==== Available records ====
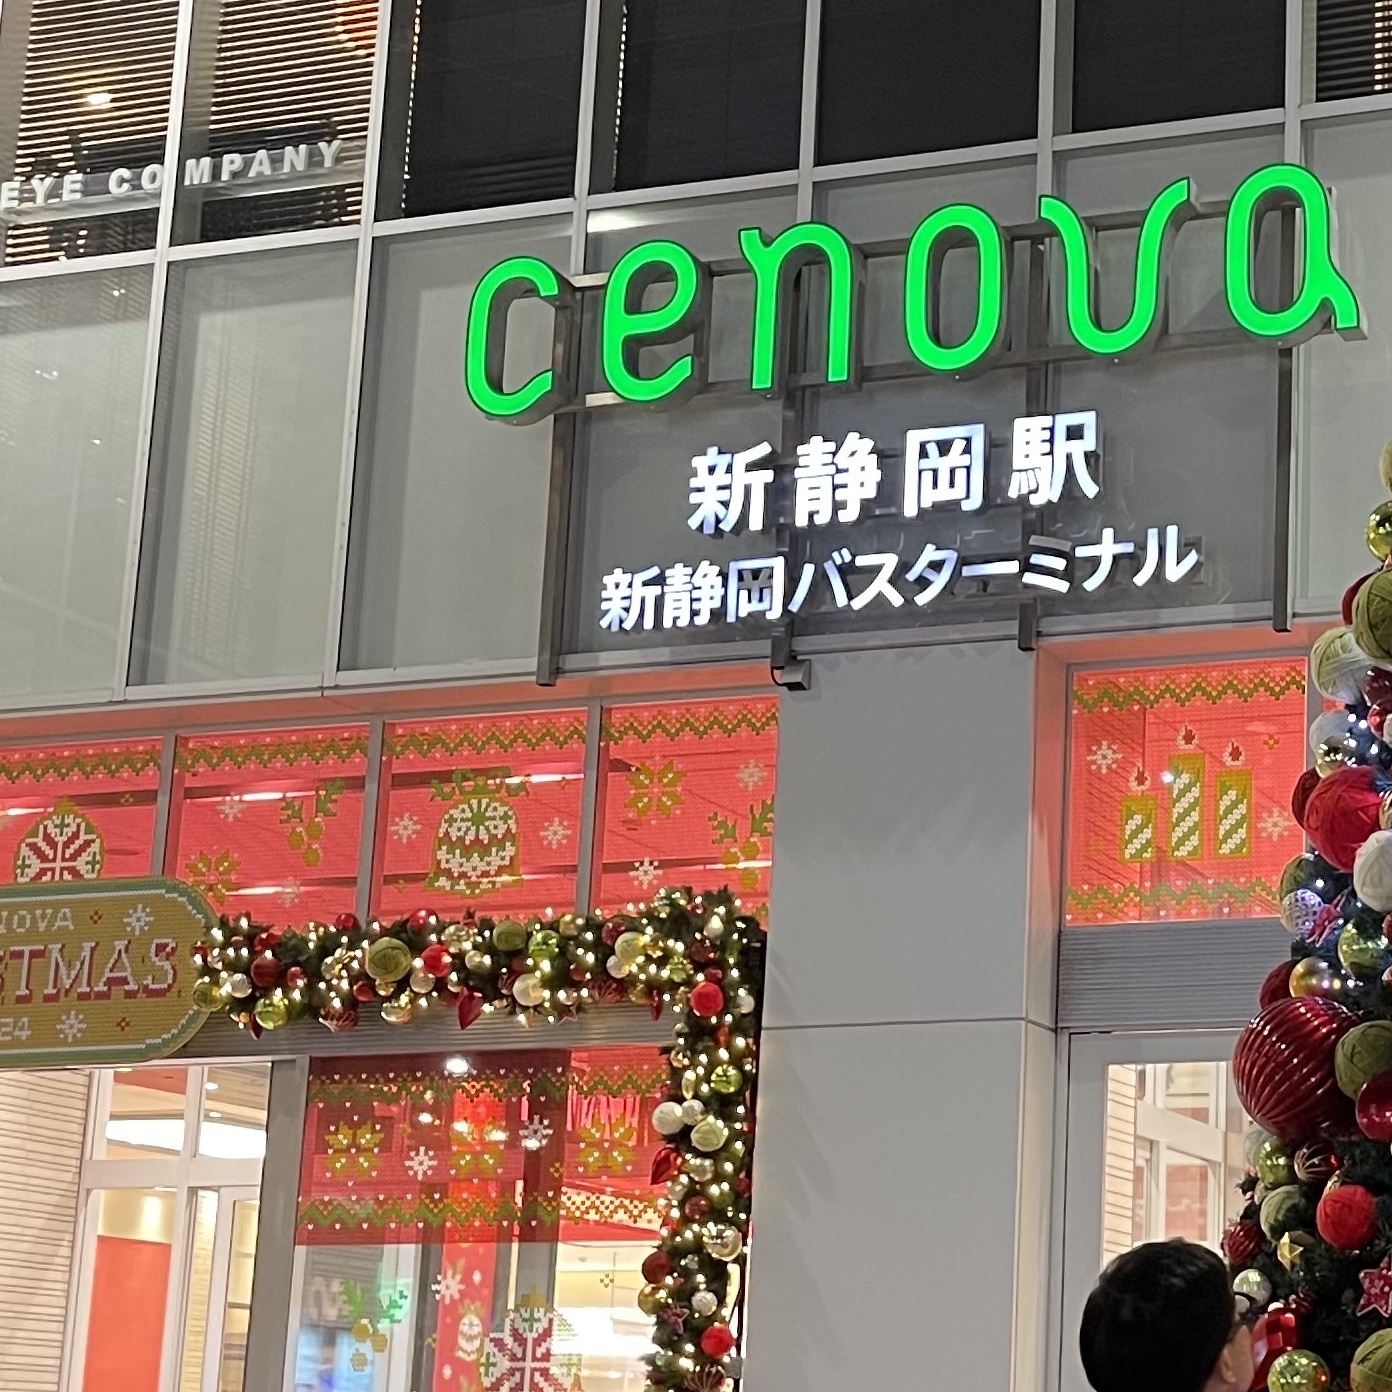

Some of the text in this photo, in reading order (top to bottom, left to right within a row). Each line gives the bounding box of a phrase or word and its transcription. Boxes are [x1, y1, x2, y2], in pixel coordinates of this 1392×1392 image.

[0, 139, 342, 208] EYE COMPANY
[465, 163, 1361, 417] cenova
[687, 409, 1101, 534] 新静岡駅
[599, 523, 1199, 633] 新静岡バスターミナル
[0, 938, 178, 1004] TMAS
====
Exercise directions: Please print all the entries exactly as written, but drop the pictures.

Completed task:
Some of the text in this photo, in reading order (top to bottom, left to right within a row). Each line gives the bounding box of a phrase or word and its transcription. Boxes are [x1, y1, x2, y2], in pixel coordinates of this 1392×1392 image.

[0, 139, 342, 208] EYE COMPANY
[465, 163, 1361, 417] cenova
[687, 409, 1101, 534] 新静岡駅
[599, 523, 1199, 633] 新静岡バスターミナル
[0, 938, 178, 1004] TMAS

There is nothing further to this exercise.